Working with the Black Heritage Society of Guelph, Dr. Harris and some of her students are piecing together the stories of these Ontario settlers from census records, old newspaper clippings, and prior research. Though some of their descendants remain in Ontario, many moved away from their farms to find work in bigger Canadian cities or returned to the United States after the end of the Civil War.

The difficulty in doing work like this, as I am discovering, is that sometimes the personal side of history gets lost. A good story is not constructed by birth dates and death dates alone. The intimate details of a life are required in order to understand a person as a whole.

Take Henrietta Still, for example. According to an 1850 United States Census, she was a Black woman born around 1817 in Pennsylvania, and later married a man named Samuel who worked as a tanner in Lower Merion, Montgomery County, Pennsylvania. They had two children, Charles and Henrietta Sophia.

Eleven years later, in the Ontario Census from 1861, Henrietta Still and her two children show up in Peel County. Henrietta listed as a widow.

What happened to Samuel? Why did they come to Canada? How did Henrietta survive in Ontario and provide for her family? What kind of woman was she, especially given the wildness of the farmland and the time in which she was living?
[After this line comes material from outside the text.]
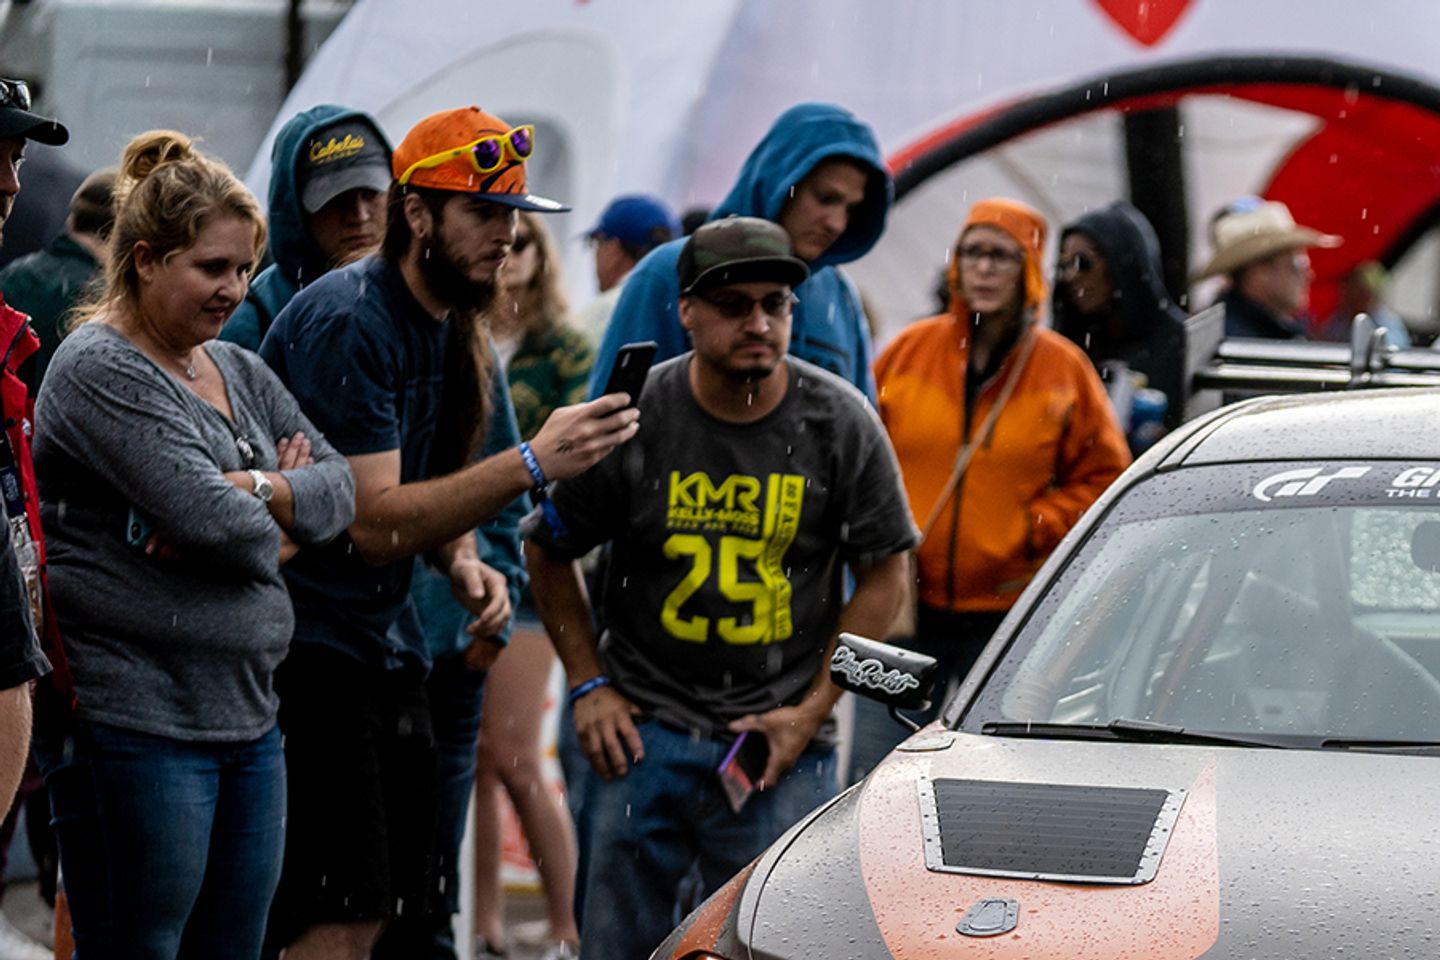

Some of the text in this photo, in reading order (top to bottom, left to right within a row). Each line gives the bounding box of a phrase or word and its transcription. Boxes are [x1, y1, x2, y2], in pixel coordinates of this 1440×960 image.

In an effort to answer some of these questions, I have been browsing through newspaper clippings from the 1860s. So far, I have learned that other Henriettas were put on trial for theft, and had letters waiting for them to pick up at the post office. The most famous Henrietta in the area at this time appears to be an American yacht: a very different Southern woman than the one for whom I am searching.
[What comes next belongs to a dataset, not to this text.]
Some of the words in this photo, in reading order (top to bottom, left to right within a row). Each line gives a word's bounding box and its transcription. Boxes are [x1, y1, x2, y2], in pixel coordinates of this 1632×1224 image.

In my mind, what I have of Henrietta Still’s story feels incomplete, though my research into her extended family is not yet finished. I might end up finding something that sets her apart from the other Queen’s Bush settlers, something that solidifies her place in history as a woman with personality, goals, struggles, and stories.
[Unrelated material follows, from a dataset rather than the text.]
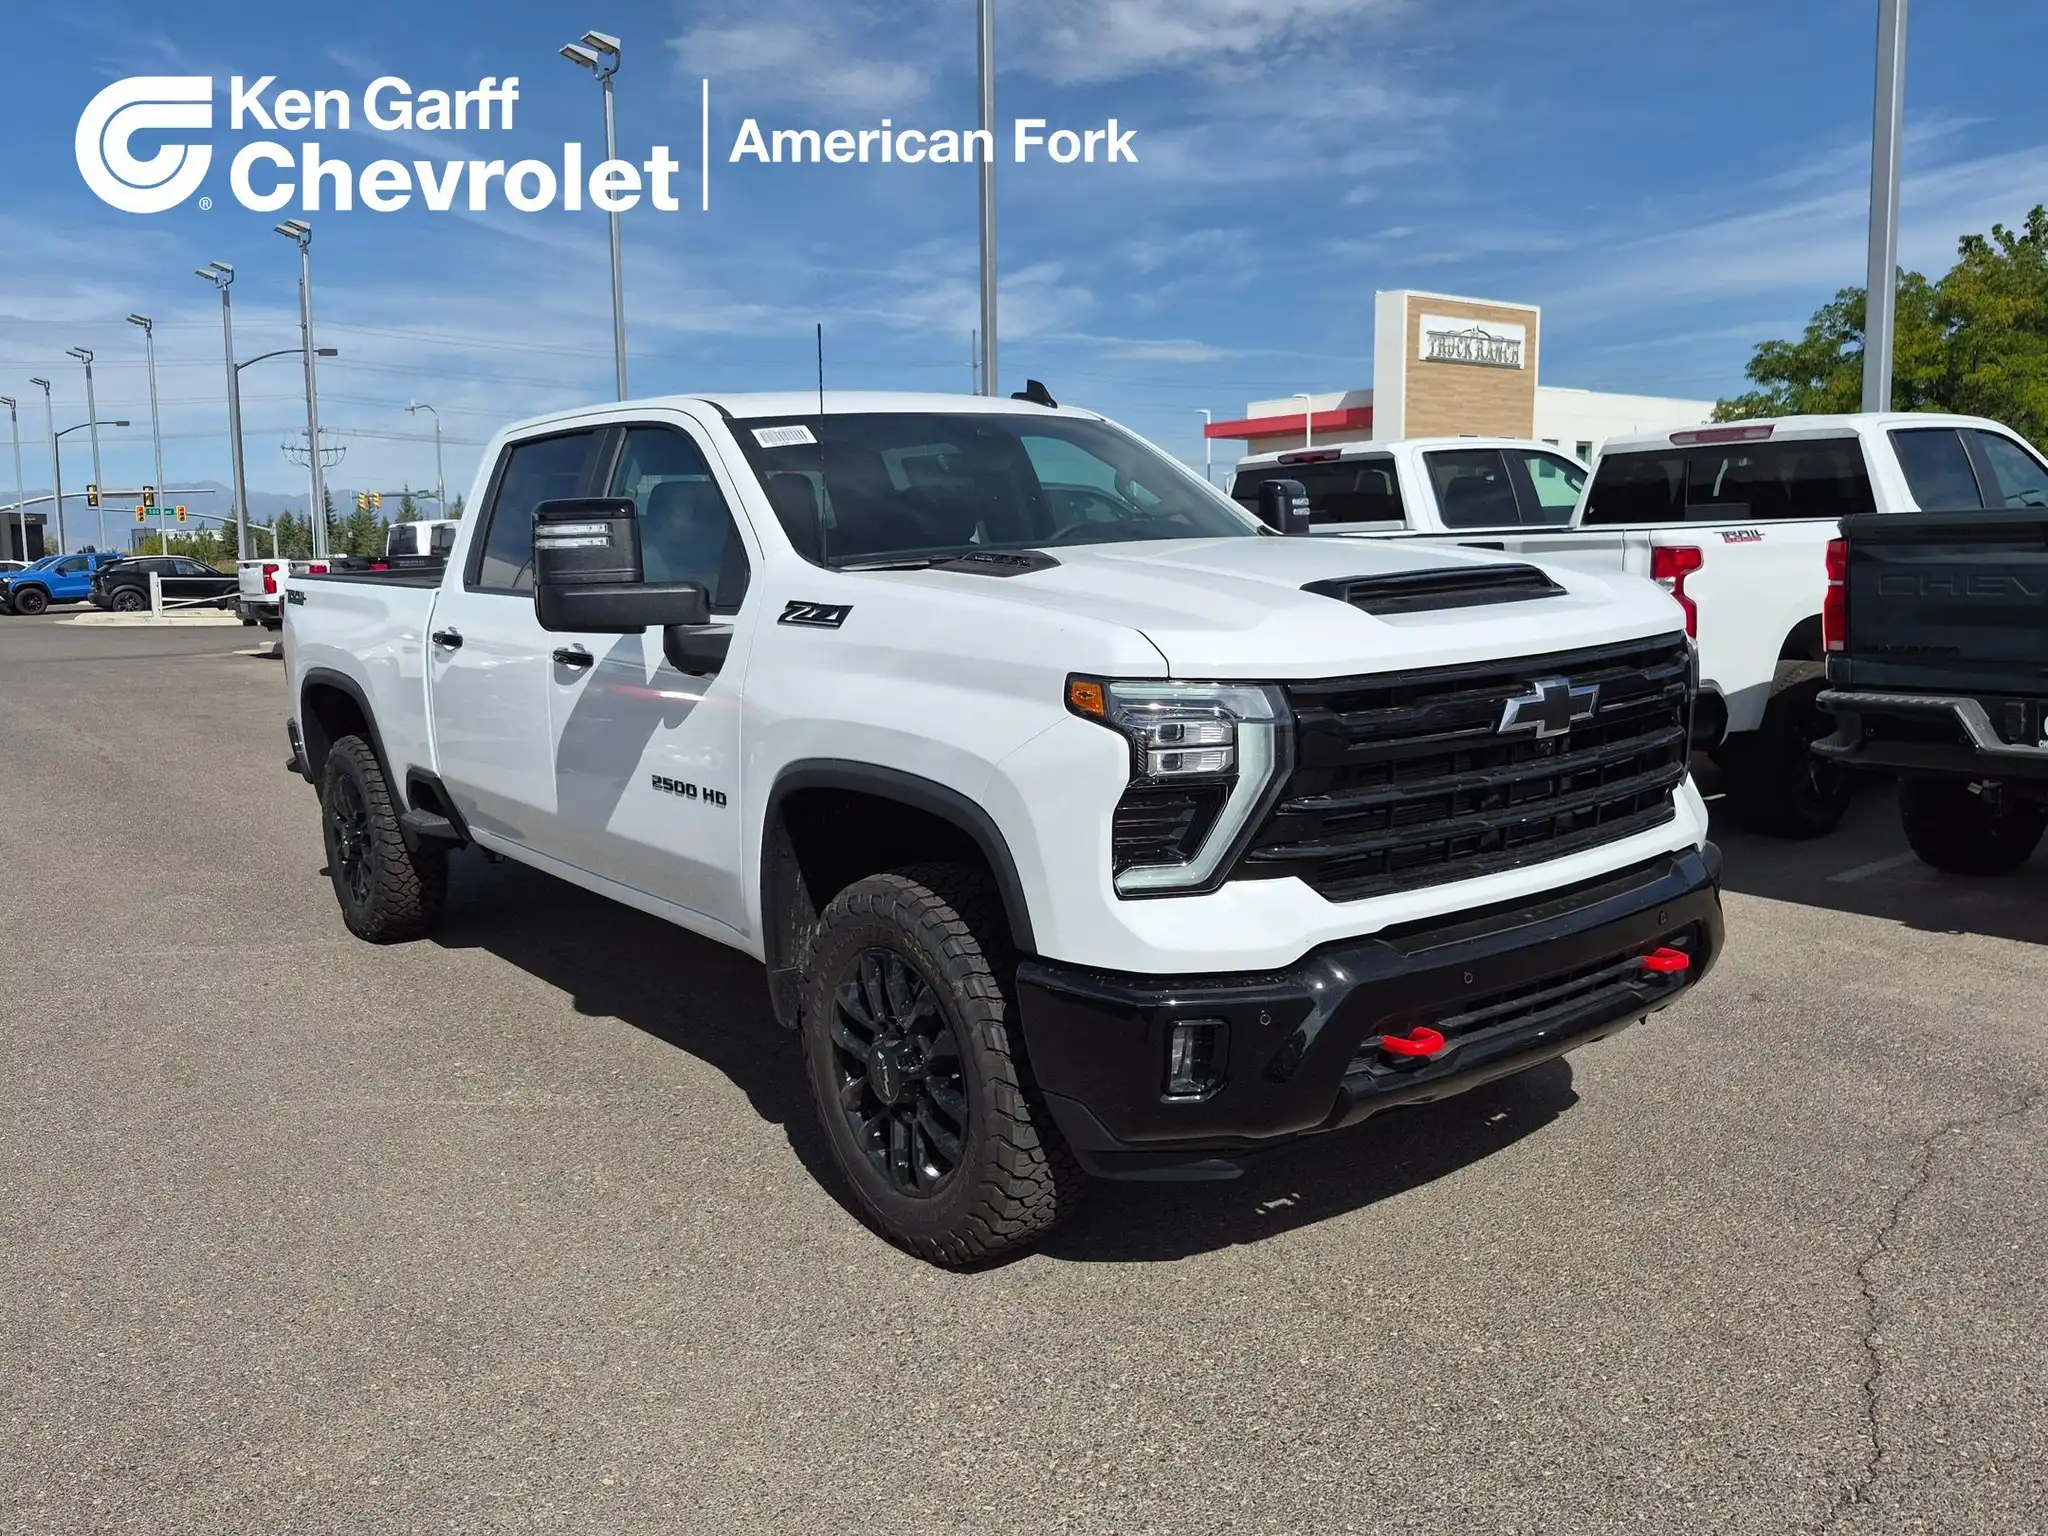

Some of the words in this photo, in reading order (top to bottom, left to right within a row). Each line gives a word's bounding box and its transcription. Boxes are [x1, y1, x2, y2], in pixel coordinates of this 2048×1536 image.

[1475, 338, 1520, 364] RANCH
[651, 774, 698, 800] 2500
[702, 786, 728, 809] HD
But then again, I might not. Regardless of her lasting impact on our archives, I know that Henrietta Still’s life has had a lasting impact on the lives of her descendants, and because of that, on the lives of all of us who call this area home. Her story should be told despite the fact that it will never make it into our history books.

Just because Black History Month has come and gone with so little attention on campus does not mean that we can similarly forget to remember the people, notable or entirely unnoticed, who have lived and worked in this area. Perhaps the end of this celebratory month should signal the beginning of a full-time interest in the telling of their stories.

Thanks again to Alexandra Siebert for contributing to Words in Place.

3 responses to “Black History Month and Waterloo: Guest Blogger Alexandra Siebert

  1. Frankie Condon

    Great post! I’m fascinated. So, here’s the URL for the Montgomery County Pennsylvania Historical Society. I haven’t clicked around on it enough yet to figure out if they have a digital collection of materials. http://www.hsmcpa.org/ . While they may not tell you why Henrietta, specifically, left and headed for Ontario, there might be other kinds of contextualizing material available. Keep us posted, please. I want to know what more you find.

  2. Ina Shaw 15/03/14 I find this a worthwhile subject and agree that personal details will make a human story. Interested to follow this research.